THE PEOPLE OF THE STATE OF NEVADA, REPRESENTED IN

SENATE AND ASSEMBLY, DO ENACT AS FOLLOWS:

 

1-1    Section 1.  Chapter 33 of NRS is hereby amended by adding thereto a

1-2  new section to read as follows:

1-3    1.  Except as otherwise provided in this section, at any hearing that is

1-4  held concerning a temporary order or an application to convert a

1-5  temporary order into an extended order, the court shall permit the

1-6  adverse party to present any relevant evidence which tends to show that

1-7  the applicant filed an application which the applicant knew or

1-8  reasonably should have known contained a statement of material fact

1-9  concerning the adverse party that was false or intentionally misleading.

1-10    2.  After considering any evidence that is presented pursuant to

1-11  subsection 1, the court shall impose sanctions against the applicant, as

1-12  set forth in subsection 3, if the court finds by a preponderance of the

1-13  evidence:

1-14    (a) That no act of domestic violence has occurred or that no threat of

1-15  domestic violence exists; and


2-1    (b) That the applicant filed an application which the applicant knew

2-2  or reasonably should have known contained a statement of material fact

2-3  concerning the adverse party that was false or intentionally misleading.
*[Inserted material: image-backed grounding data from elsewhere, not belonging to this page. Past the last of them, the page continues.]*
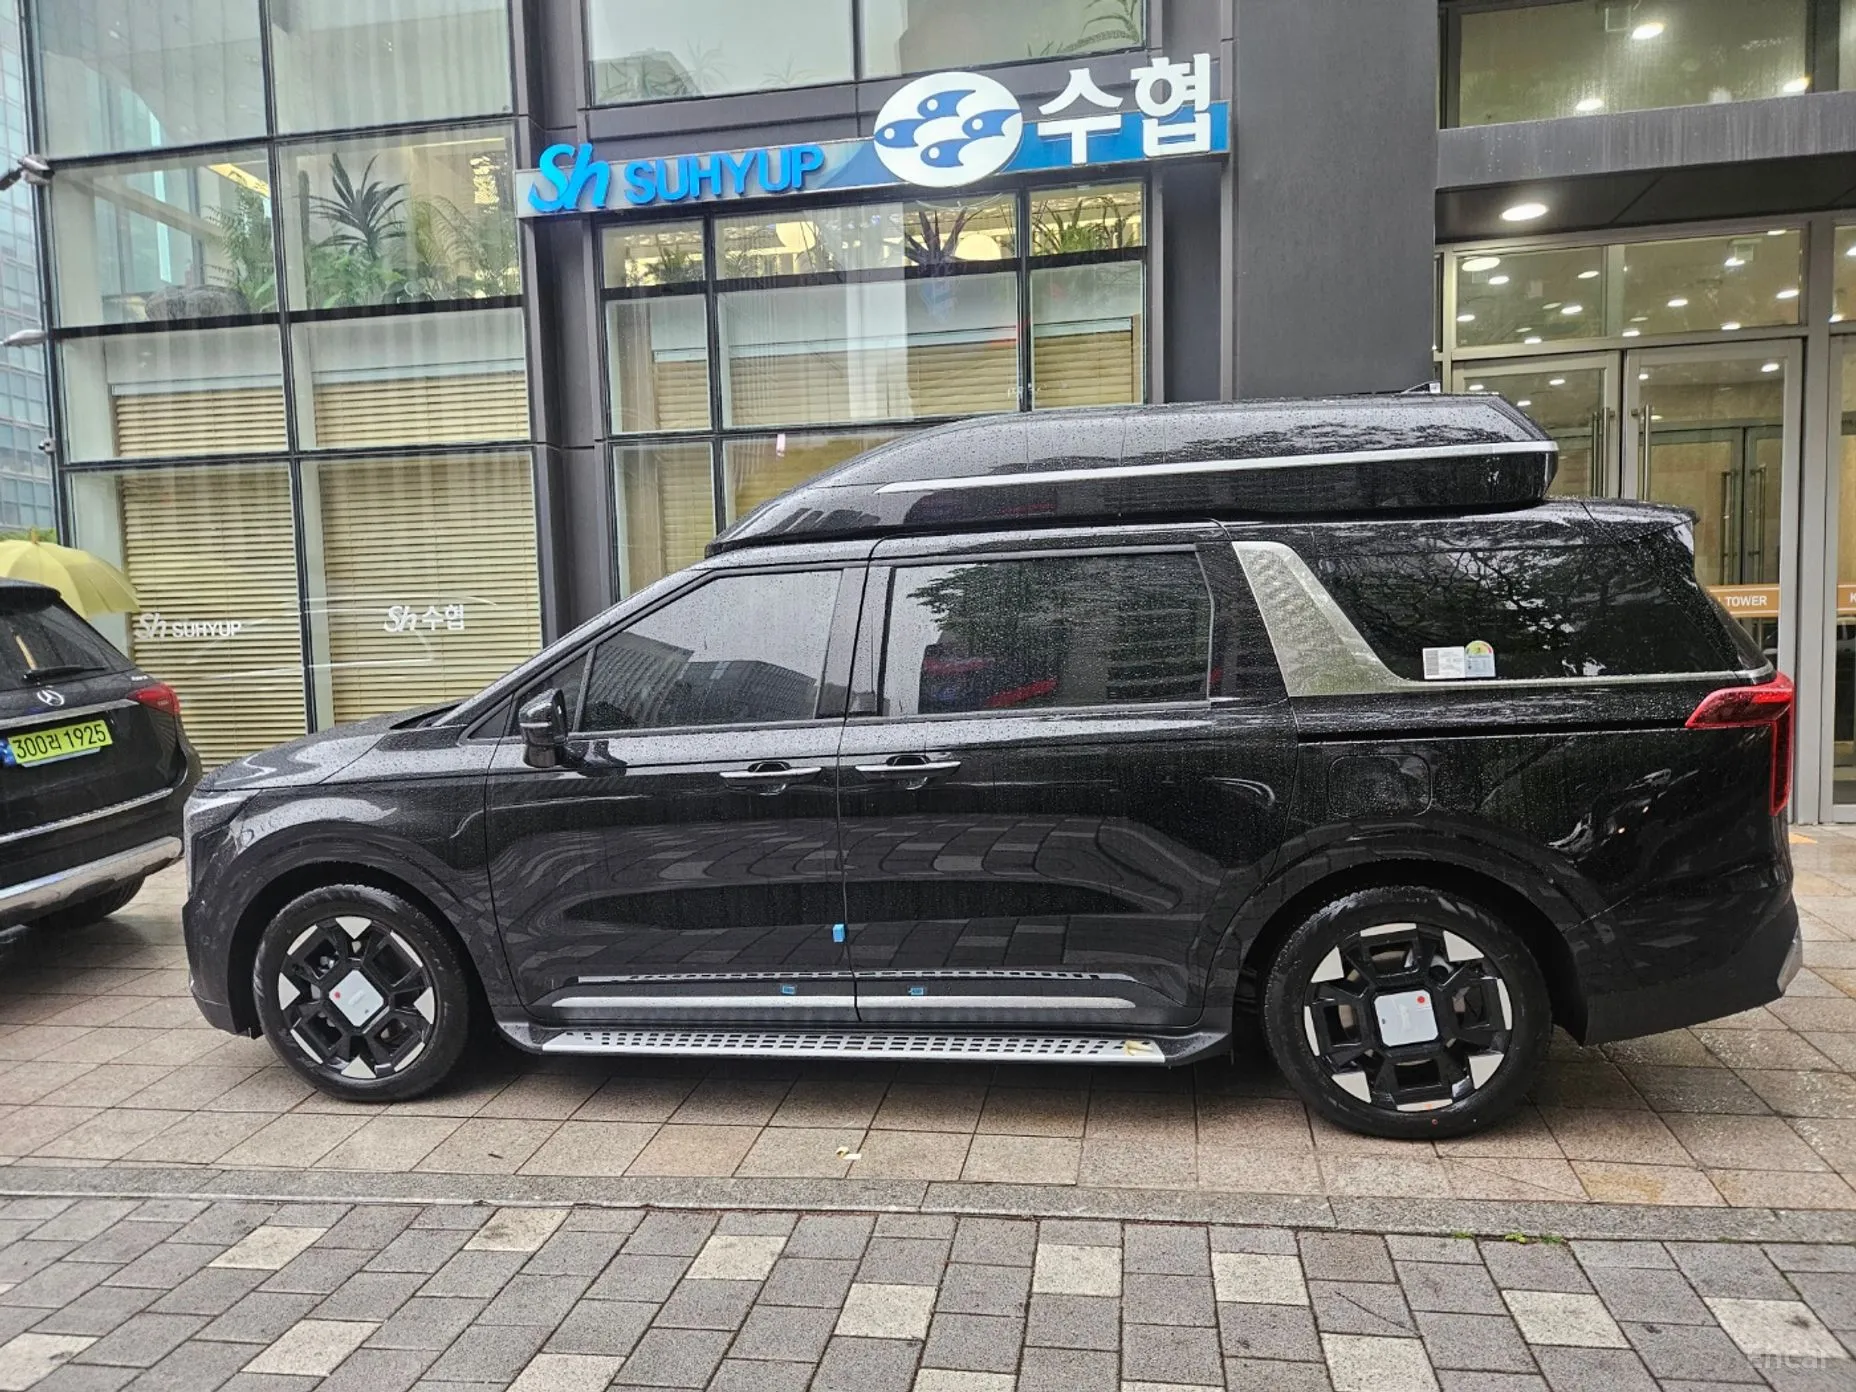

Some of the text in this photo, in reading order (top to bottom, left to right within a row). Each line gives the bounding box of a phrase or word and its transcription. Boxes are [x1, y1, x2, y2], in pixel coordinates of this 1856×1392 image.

[528, 53, 1211, 213] Sh SUHYUP 수협
[1726, 596, 1767, 607] TOWER
[134, 613, 241, 639] Sh SUHYUP
[64, 724, 106, 748] 1925
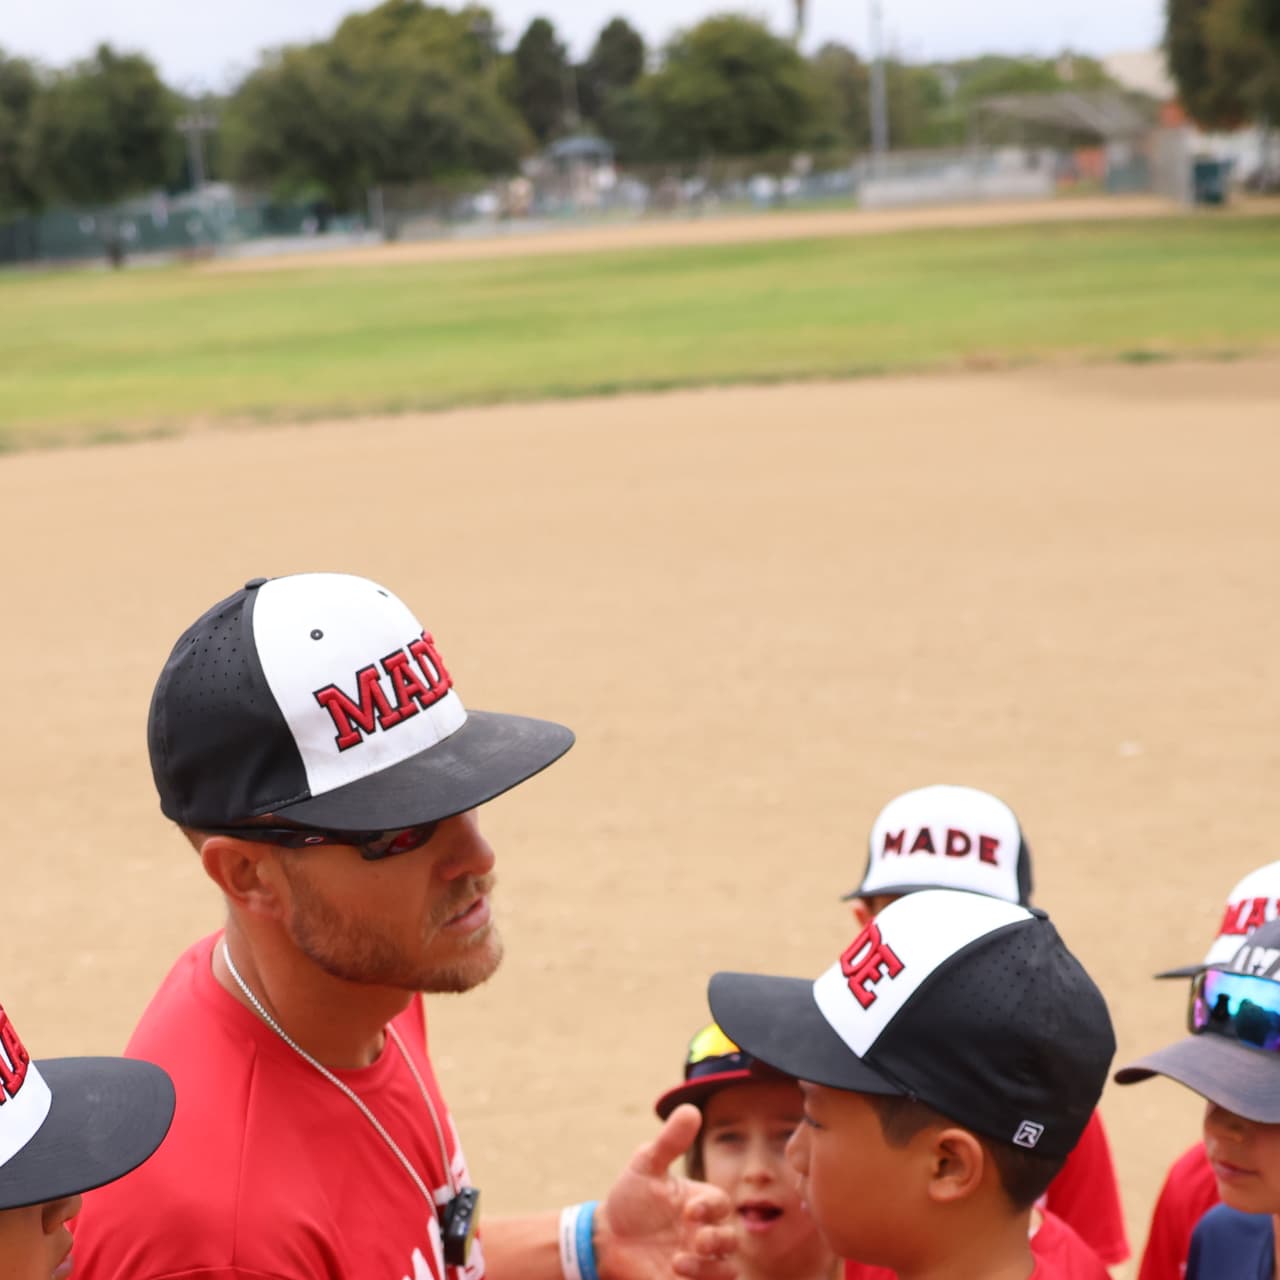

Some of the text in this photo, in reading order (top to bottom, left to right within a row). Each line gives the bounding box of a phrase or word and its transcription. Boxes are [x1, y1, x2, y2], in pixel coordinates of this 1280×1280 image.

2-4    3.  If the court makes the findings set forth in subsection 2, the court

2-5  shall:

2-6    (a) Assess against the applicant all costs and official fees related to the

2-7  temporary order and any application to convert the temporary order into

2-8  an extended order, including, without limitation, all costs and official

2-9  fees incurred by the adverse party in defending against the temporary

2-10  order and any application to convert the temporary order into an

2-11  extended order;

2-12    (b) Order the applicant to reimburse the adverse party, in an amount

2-13  determined by the court, for all attorney’s fees incurred by the adverse

2-14  party in defending against the temporary order and any application to

2-15  convert the temporary order into an extended order;

2-16    (c) If any rights of the adverse party to visit a child who is in the

2-17  custody of the applicant were deprived because of the temporary order:

2-18      (1) Order the applicant to permit additional visits with the child to

2-19  compensate the adverse party for any deprived visits with the child in

2-20  accordance with the provisions of NRS 125C.020, 125C.030 and

2-21  125C.040, if the court has jurisdiction concerning visitation with the

2-22  child; or

2-23      (2) Transmit the findings that were made pursuant to subsection 2

2-24  to the appropriate court that has jurisdiction concerning visitation with

2-25  the child; and

2-26    (d) If any rights to custody of a child of the applicant or the adverse

2-27  party are at issue:

2-28      (1) Consider the findings that were made pursuant to subsection 2

2-29  as a factor in determining custody pursuant to NRS 125.480, if the court

2-30  has jurisdiction concerning custody of the child; or

2-31      (2) Transmit the findings that were made pursuant to subsection 2

2-32  to the appropriate court that has jurisdiction concerning custody of the

2-33  child.

2-34    4.  In addition to the other requirements set forth in subsection 3, if

2-35  the court makes the findings set forth in subsection 2:

2-36    (a) The court shall transmit, by the end of the next business day after

2-37  the findings are made, a copy of the findings to each law enforcement

2-38  agency to which the temporary order was transmitted pursuant to NRS

2-39  33.060; and

2-40    (b) The clerk of the court shall issue, without fee, a copy of the

2-41  findings to the adverse party and shall transmit a copy of the findings to

2-42  the central repository for Nevada records of criminal history in the same

2-43  manner that other information is transmitted to the central repository

2-44  pursuant to NRS 33.095.

2-45    5.  The court may prohibit the adverse party from presenting any

2-46  evidence that is described in subsection 1 if, at any earlier hearing

2-47  concerning the temporary order or any application to convert the

2-48  temporary order into an extended order, the adverse party presented the


3-1  same or similar evidence to the court or had the opportunity to present

3-2  such evidence to the court but failed to do so.

3-3    6.  The sanctions provided for in this section are in addition to and

3-4  not in lieu of any other criminal or civil sanction, penalty or remedy that

3-5  is provided by law, and the provisions of this section must not be

3-6  construed so as to prohibit the adverse party or this state or its political

3-7  subdivisions from seeking or obtaining any other criminal or civil

3-8  sanction, penalty or remedy that is provided by law.

3-9    7.  The provisions of this section do not apply to an order for

3-10  protection against domestic violence which is issued to a person by a

3-11  court of another state, territory or Indian tribe within the United States

3-12  and which is registered in this state pursuant to NRS 33.090.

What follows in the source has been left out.